Eligible participants (n = 170) were randomized and received either tiotropium 18 µg once daily with theophylline 100 mg twice daily (Group I) or tiotropium 18 µg once daily (Group II) for 6 months. COPD assessment test (CAT), modified Medical Research Council (mMRC) dyspnea scores and pulmonary function tests were measured before randomization and during the treatment.
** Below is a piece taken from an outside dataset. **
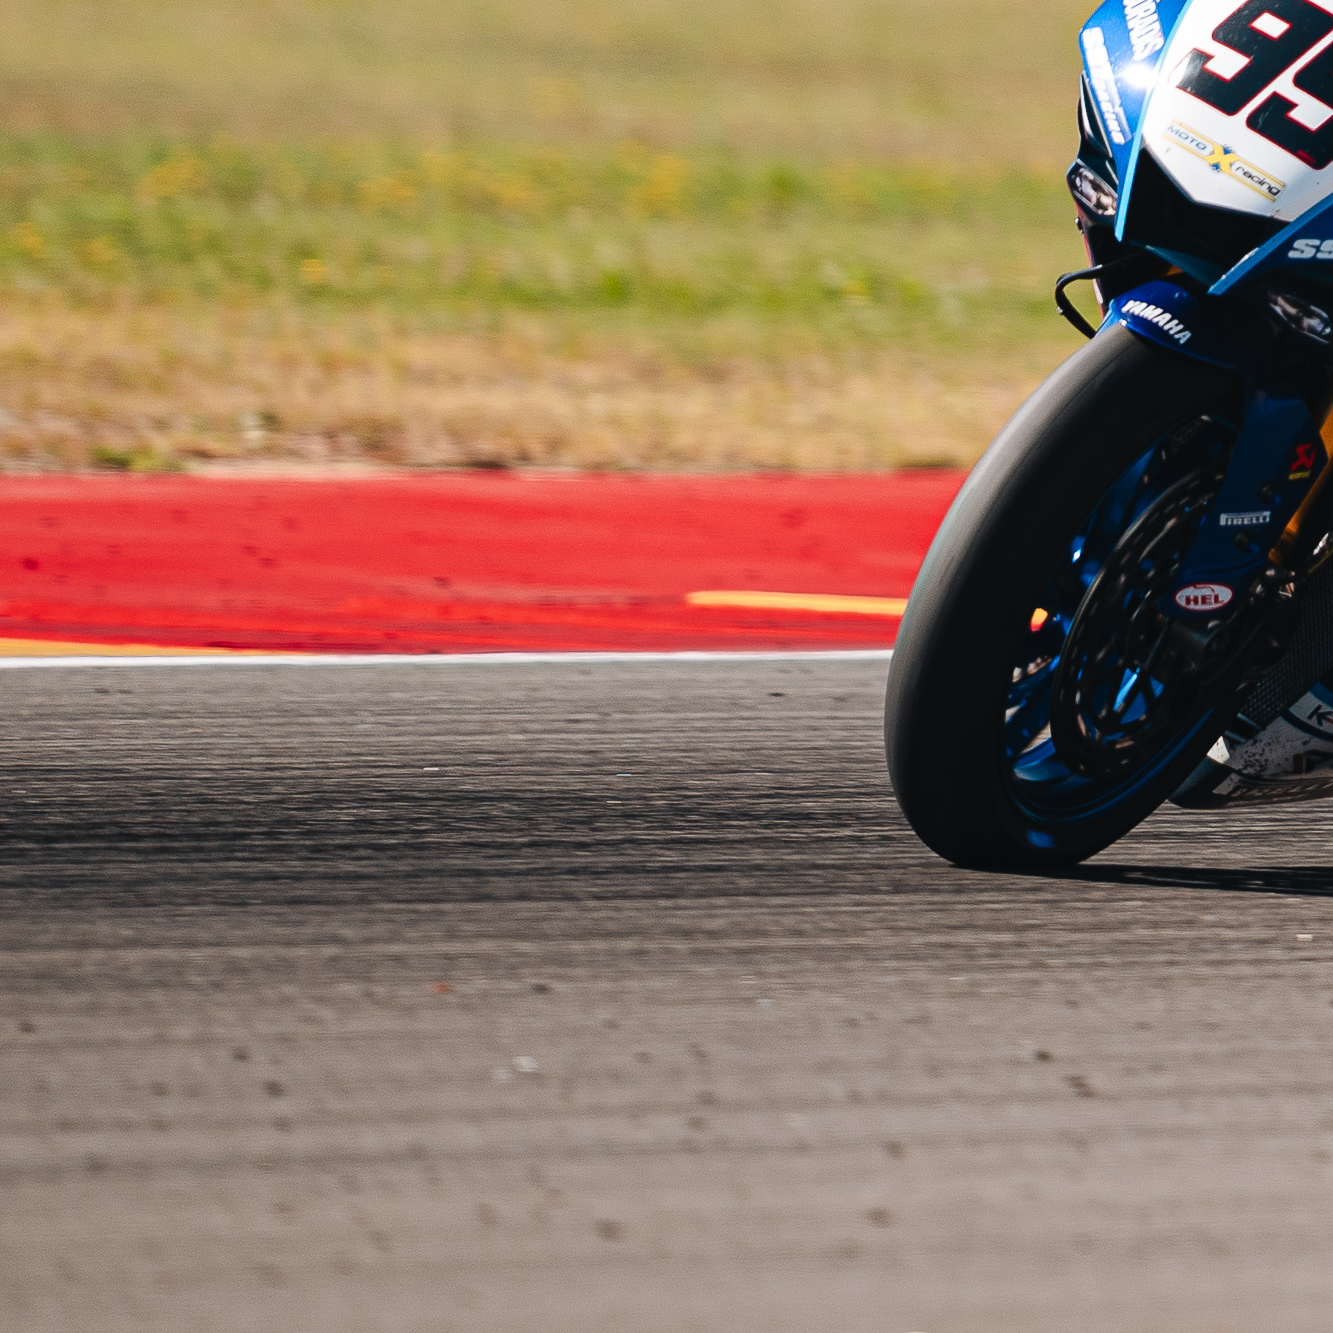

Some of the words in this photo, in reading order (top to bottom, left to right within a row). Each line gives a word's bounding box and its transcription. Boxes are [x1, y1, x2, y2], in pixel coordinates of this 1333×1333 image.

After 6 months of treatment, the CAT scores in both groups decreased significantly (11.41 ± 3.56 and 11.08 ± 3.05, p < 0.0001). The changes of CAT (p = 0.028) and mMRC scores (p = 0.049) between the two groups differed after 1 month of treatment. In Group I, forced expiratory flow after 25% of the FVC% predicted (MEF25% pred) was significantly improved after 3 months (4.84 ± 8.73%, p < 0.0001) and 6 months (6.21 ± 8.65%, p < 0.0001). There was a significant difference in small airway function tests (MEF50% pred, MEF25% pred, and MMEF% pred) between the two groups after 6 month of treatment (p = 0.003, p < 0.0001, and p = 0.021, respectively).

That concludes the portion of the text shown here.